- [What the task asks]: Exact transcription of the data below is required, without the images.

- [Task data]:
----------

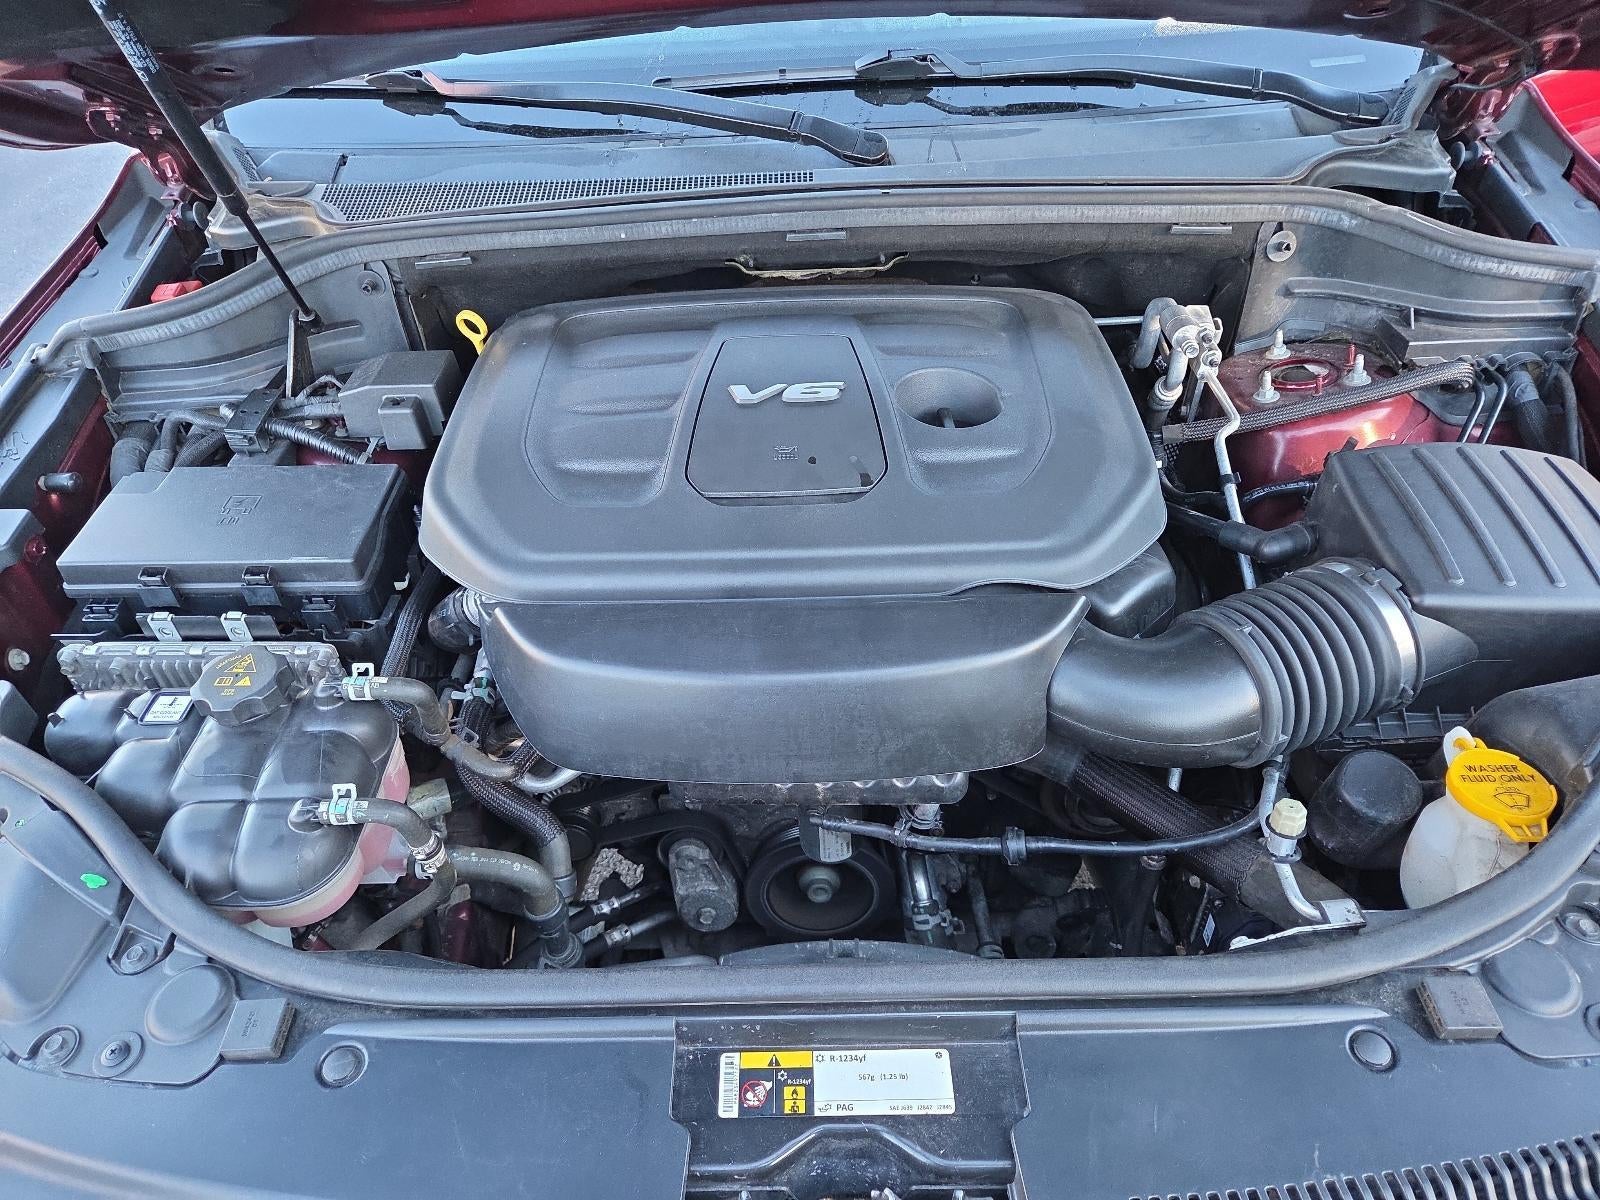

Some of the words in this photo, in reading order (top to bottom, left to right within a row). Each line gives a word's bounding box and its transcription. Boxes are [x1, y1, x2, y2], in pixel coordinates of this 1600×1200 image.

[727, 381, 847, 404] V6
[1464, 764, 1521, 773] WASHER
[1461, 774, 1497, 783] FLUID
[1500, 774, 1537, 783] ONLY
[829, 1054, 867, 1063] R-1234yf
[858, 1073, 875, 1082] 567g
[880, 1072, 898, 1081] (1.25
[899, 1072, 909, 1081] lb)
[787, 1078, 812, 1086] R-1234yf
[836, 1103, 854, 1112] PAG

----------

- [Answer to the exercise]:
Some of the words in this photo, in reading order (top to bottom, left to right within a row). Each line gives a word's bounding box and its transcription. Boxes are [x1, y1, x2, y2], in pixel coordinates of this 1600×1200 image.

[727, 381, 847, 404] V6
[1464, 764, 1521, 773] WASHER
[1461, 774, 1497, 783] FLUID
[1500, 774, 1537, 783] ONLY
[829, 1054, 867, 1063] R-1234yf
[858, 1073, 875, 1082] 567g
[880, 1072, 898, 1081] (1.25
[899, 1072, 909, 1081] lb)
[787, 1078, 812, 1086] R-1234yf
[836, 1103, 854, 1112] PAG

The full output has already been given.